Dogs’ Need to Control

By Gaby Dufresne-Cyr, CBT-FLE

Dogs are social creatures; consequently, social animals socially learn from one another. It sounds redundant, but it is true. Life is not all about behaviourism. Other learning theories apply to dogs, and today we will look at social learning and locus of control. Perceived control is a fundamental component of wellbeing. Human and non-human animals need to know they have some control over the outcome of their lives because it makes them feel good. 

Dog Locus of Control 
Locus of control is the perceived control one has over the outcome of life events. If you are at a party and feel uncomfortable, your perception of leaving or staying reduces stress or anxiety because you know you can walk out the front door at any time. If the door is locked, your stress and anxiety will increase and possibly turn into a panic because you have no control over staying or leaving. It is essential for social animals to have control, or at least perceived control, over their environment and lives. Dogs are not exempt from this rule. 

Dogs who have some control over their environment are generally less reactive, aggressive, fearful, stressed, or anxious. Animals behave more efficiently when the outcome of a situation is socially and cognitively predictable; consequently, classical and operant conditioning is by far the only training options. 

You can classically or operantly train a behaviour, but ultimately, the perception the dog has about an event might not change. Emotions are good predictors of behaviourism failure. You can train a dog to sit in front of a firecracker yet it remains fearful of the stimulus (the noise). Yes, behaviourism addresses conditioned emotional responses, but social learning tells us results can be achieved much faster if the dog has a relationship with the human and has gained control over its environment as a result. 

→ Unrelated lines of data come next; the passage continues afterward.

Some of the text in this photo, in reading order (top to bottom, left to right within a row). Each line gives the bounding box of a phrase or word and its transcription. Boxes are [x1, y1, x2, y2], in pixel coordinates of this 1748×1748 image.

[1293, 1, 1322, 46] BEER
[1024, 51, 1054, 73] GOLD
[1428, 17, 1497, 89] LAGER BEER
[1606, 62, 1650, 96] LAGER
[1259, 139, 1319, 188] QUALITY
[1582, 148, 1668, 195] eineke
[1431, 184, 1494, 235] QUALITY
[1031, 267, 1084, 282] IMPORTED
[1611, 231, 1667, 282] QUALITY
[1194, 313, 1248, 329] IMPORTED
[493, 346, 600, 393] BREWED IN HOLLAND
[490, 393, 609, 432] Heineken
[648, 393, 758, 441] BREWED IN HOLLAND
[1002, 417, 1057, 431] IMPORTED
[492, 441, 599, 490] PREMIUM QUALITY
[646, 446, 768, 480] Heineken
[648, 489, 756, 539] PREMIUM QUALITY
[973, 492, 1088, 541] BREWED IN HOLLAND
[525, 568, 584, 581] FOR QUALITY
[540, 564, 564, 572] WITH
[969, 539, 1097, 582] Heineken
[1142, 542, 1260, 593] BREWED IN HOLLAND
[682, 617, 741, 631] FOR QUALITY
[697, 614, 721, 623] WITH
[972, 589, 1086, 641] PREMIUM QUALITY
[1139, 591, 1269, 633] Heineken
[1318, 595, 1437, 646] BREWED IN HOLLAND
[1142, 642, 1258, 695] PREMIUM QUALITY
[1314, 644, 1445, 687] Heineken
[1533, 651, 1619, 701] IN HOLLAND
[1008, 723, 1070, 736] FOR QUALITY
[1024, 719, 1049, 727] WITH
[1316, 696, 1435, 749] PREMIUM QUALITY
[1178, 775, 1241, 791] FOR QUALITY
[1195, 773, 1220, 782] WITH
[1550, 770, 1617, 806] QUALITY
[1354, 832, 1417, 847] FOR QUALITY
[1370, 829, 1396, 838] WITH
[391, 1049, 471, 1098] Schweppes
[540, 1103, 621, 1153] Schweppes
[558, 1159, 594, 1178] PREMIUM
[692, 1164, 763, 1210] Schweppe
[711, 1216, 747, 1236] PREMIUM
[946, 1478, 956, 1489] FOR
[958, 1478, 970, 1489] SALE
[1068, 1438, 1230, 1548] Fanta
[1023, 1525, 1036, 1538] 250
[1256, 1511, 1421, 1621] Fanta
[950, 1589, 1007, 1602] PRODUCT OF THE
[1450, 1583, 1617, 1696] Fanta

Dog Social Learning vs. Behaviourism 
The old school dominate or be dominated mentality is an outdated and ridiculous idea that essentially boils down to removing (read punish harshly) all the dog’s possible control options. First, dogs do not care about world domination. Secondly, control and dominance are not the same. Dominance is a form of influential power between two members of the same species: dogs dominate dogs, humans dominate humans. Control is knowing or predicting the outcome of a behaviour.

Locus of control is the perceived outcome of an event based on internal motives and does not involve dominance. If a dog wants to go for a walk by exhibiting typical barks and tail wag behaviours, and the human responds by taking the dog outside, the dog has indeed controlled the human. Thus, Fido concludes he has some control over the outcome of the event because he made the human take him outside. That is not dominance, that is a symbiotic relationship established and maintained through social learning. 

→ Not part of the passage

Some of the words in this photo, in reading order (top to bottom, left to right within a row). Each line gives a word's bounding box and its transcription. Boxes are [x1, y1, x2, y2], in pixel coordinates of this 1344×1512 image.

The Importance of Control 
At the Dogue Shop, we purposefully teach dogs to take control of their environment because it prevents behaviour problems from developing in the first place. A dog that can make a human move away from a potential dog-dog interaction is less likely to act aggressively towards the incomer. 

A locus of control allows dogs to experience a positive umwelt. The reason is simple, social cognitive learning and perceived control increases feel-good neurotransmitters and hormones. When you work and achieve a positive result, you feel a strong sensation of joy. 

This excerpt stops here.